***** Available data *****

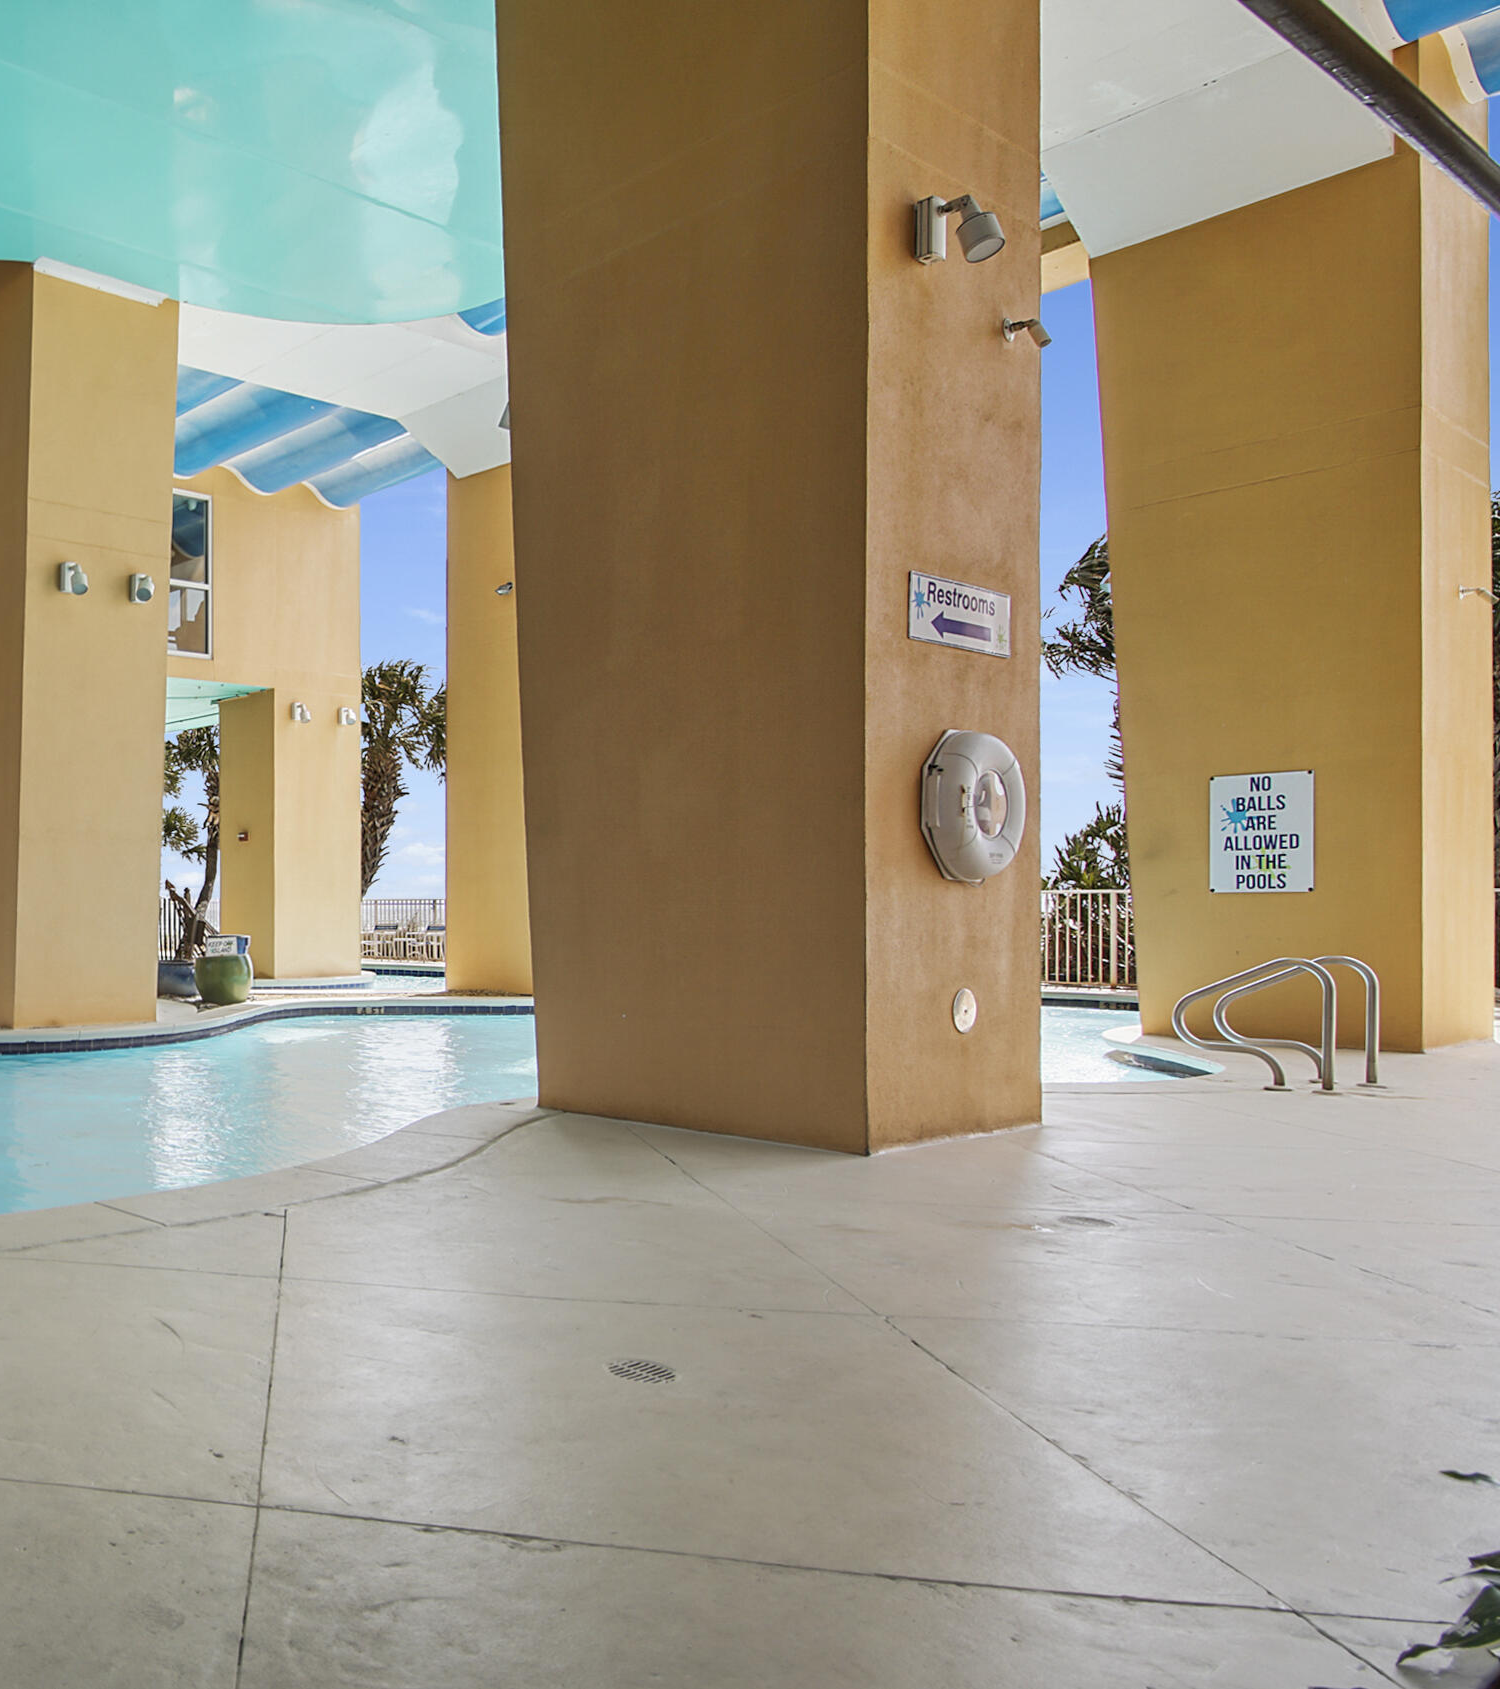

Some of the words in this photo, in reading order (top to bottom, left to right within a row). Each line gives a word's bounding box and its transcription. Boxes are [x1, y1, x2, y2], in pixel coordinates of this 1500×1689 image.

[927, 581, 996, 617] Restrooms
[1249, 776, 1272, 792] NO
[1235, 794, 1286, 812] BALLS
[1244, 815, 1277, 831] ARE
[1223, 834, 1300, 851] ALLOWED
[1235, 855, 1251, 870] IN
[1255, 853, 1287, 870] THE
[1235, 873, 1287, 890] POOLS

*****

▶ **What is being asked**: Where pictures sit among the data above, omit them, and output the rest exactly.

▶ **Written solution**:
Some of the words in this photo, in reading order (top to bottom, left to right within a row). Each line gives a word's bounding box and its transcription. Boxes are [x1, y1, x2, y2], in pixel coordinates of this 1500×1689 image.

[927, 581, 996, 617] Restrooms
[1249, 776, 1272, 792] NO
[1235, 794, 1286, 812] BALLS
[1244, 815, 1277, 831] ARE
[1223, 834, 1300, 851] ALLOWED
[1235, 855, 1251, 870] IN
[1255, 853, 1287, 870] THE
[1235, 873, 1287, 890] POOLS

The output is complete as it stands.